As flagged in November 2011, Perpetual commenced a formal
evaluation of all existing IT arrangements with the objective
to optimise operations and deliver superior value IT
services. As a result of the review, Perpetual will now issue
Requests For Proposals (RFPs) for outsourcing arrangements.
The scope of the RFPs includes consolidation of activities
currently conducted both within Perpetual and externally by
about 100 existing infrastructure and application vendors.
Perpetual plans to complete decisions on outsourcing
providers by mid calendar 2012.
Dividend
The Board of Perpetual has declared a FY12 interim fully
franked dividend of 50 cents per share, compared to 95 and 90
cents per share fully franked declared in 1H11 and 2H11
respectively. The reduction in the FY12 interim dividend
largely reflects the decline in the Group's NPAT. In
addition, in FY11, the Board excluded the impact of a number
of charges on NPAT in determining dividends. Excluding these
charges, the FY11 dividend payout ratio was around 96%. The
FY12 interim dividend of 50 cents per share equates to a
payout ratio of around 93%, in line with the Group's stated
policy to pay dividends within a range of 80%-100% of
statutory NPAT on an annualised basis.
Financial Position
During 1H12, the Group completed a $70 million off-market
share buy-back, in line with its commitment to more actively
manage its capital. As a result, holdings of cash, cash
equivalents and liquid investments declined from $274.0
million at the end of FY11 to $165.4 million. Net tangible
assets per share were $2.91 at the end of 1H12, compared to
$4.50 at the end of FY11, and the number of shares on issue
was reduced by 3.3 million, or 7.5% of issued capital, both
as a result of the buy-back. With $138 million of available
liquid funds against $124 million of total economic capital
requirements, the Group's financial strength has been
maintained.
Business Unit Overview
Almost all of Perpetual Investments' funds continue to
outperform against benchmarks, helping them capture a major
share of the industry gross inflows, albeit limited due to
the challenging operating environment.
Perpetual Investments experienced net outflows of $3.0
billion during 1H12, with funds under management (FUM) at
$22.9 billion at the end of the period. The majority of
outflows were in lower margin channels and products.

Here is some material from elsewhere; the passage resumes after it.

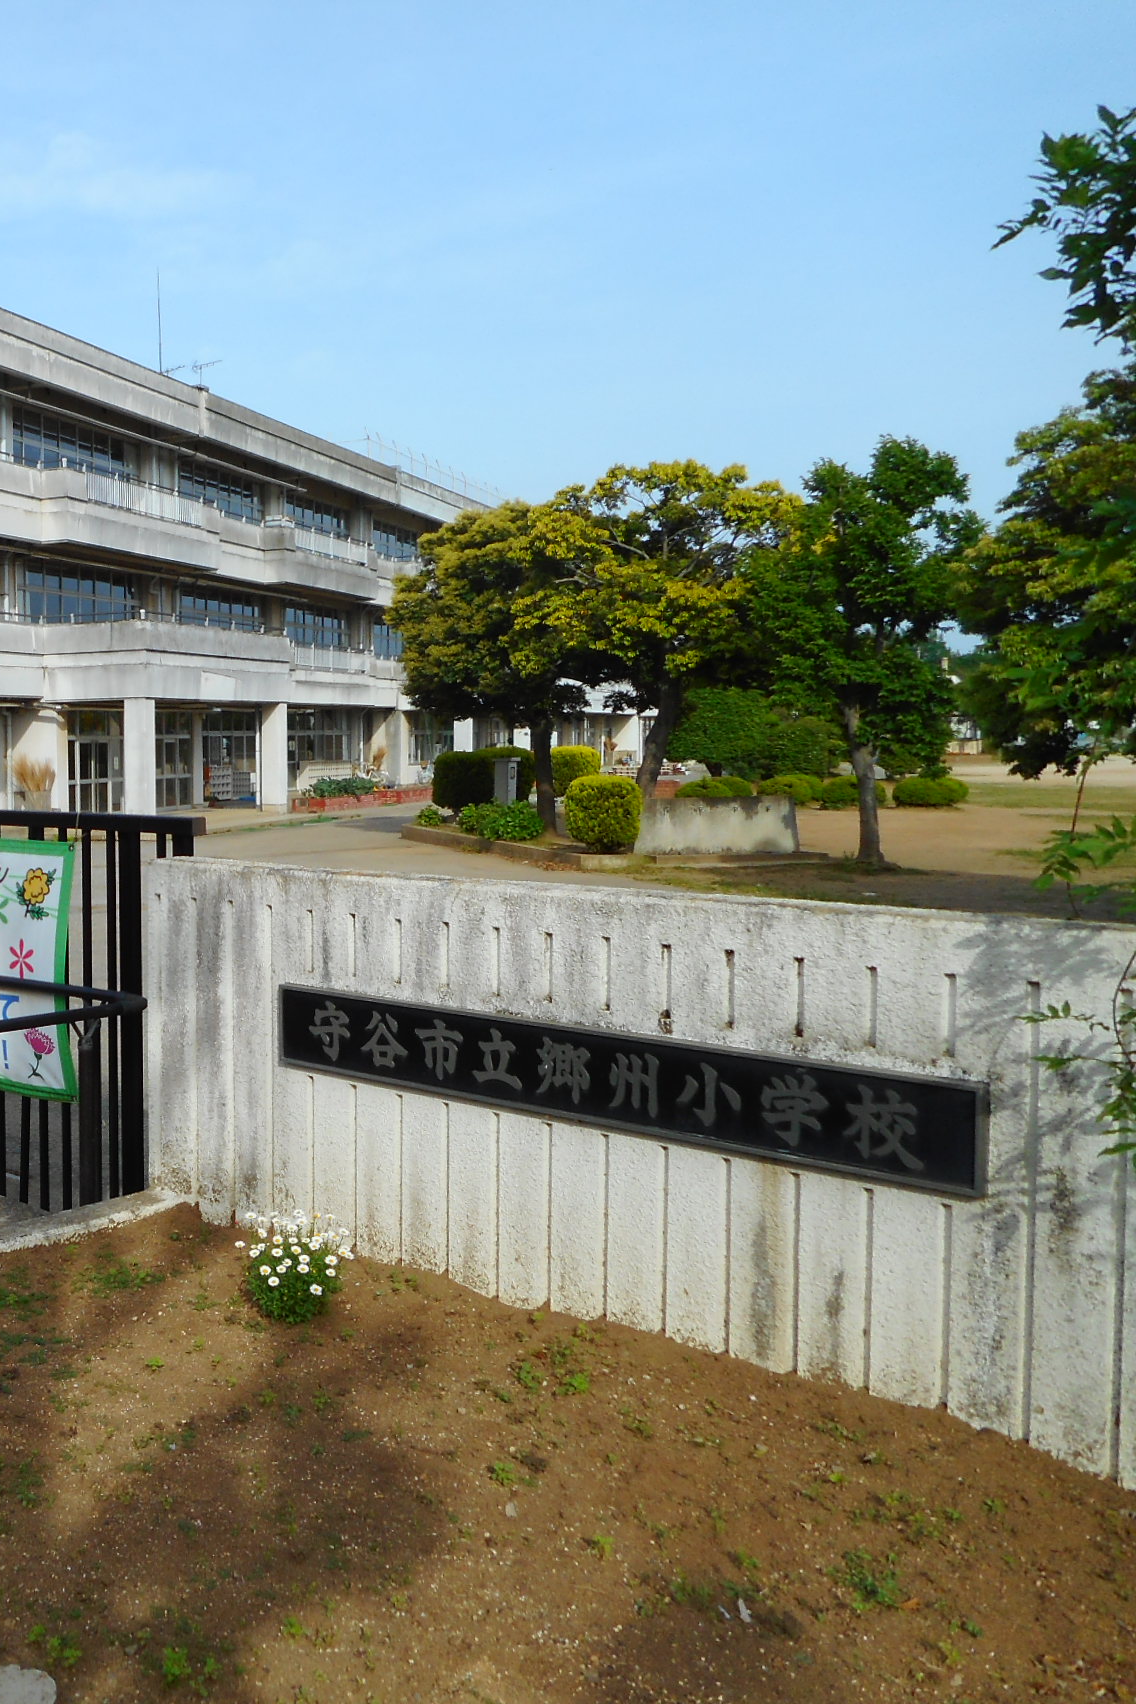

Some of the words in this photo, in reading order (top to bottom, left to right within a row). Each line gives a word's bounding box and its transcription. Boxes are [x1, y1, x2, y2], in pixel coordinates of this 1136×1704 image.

CEO Geoff Lloyd said significant progress had been made on
tackling some of the issues that were holding back the
business' ability to attract flows in this difficult
environment. "We created a new investment product
distribution function to focus on key clients and decision
makers in the retail funds market.
"The new structure, which was completed earlier this week,
includes a Strategic Accounts division servicing the largest
advice businesses and platforms, an Adviser Distribution team
supporting the wider financial planning community, and a
Research and Operations team, which will focus on optimising
research house ratings, promote the inclusion of Perpetual
funds in model portfolios, and deliver sales and client
insight support to the distribution teams," he said.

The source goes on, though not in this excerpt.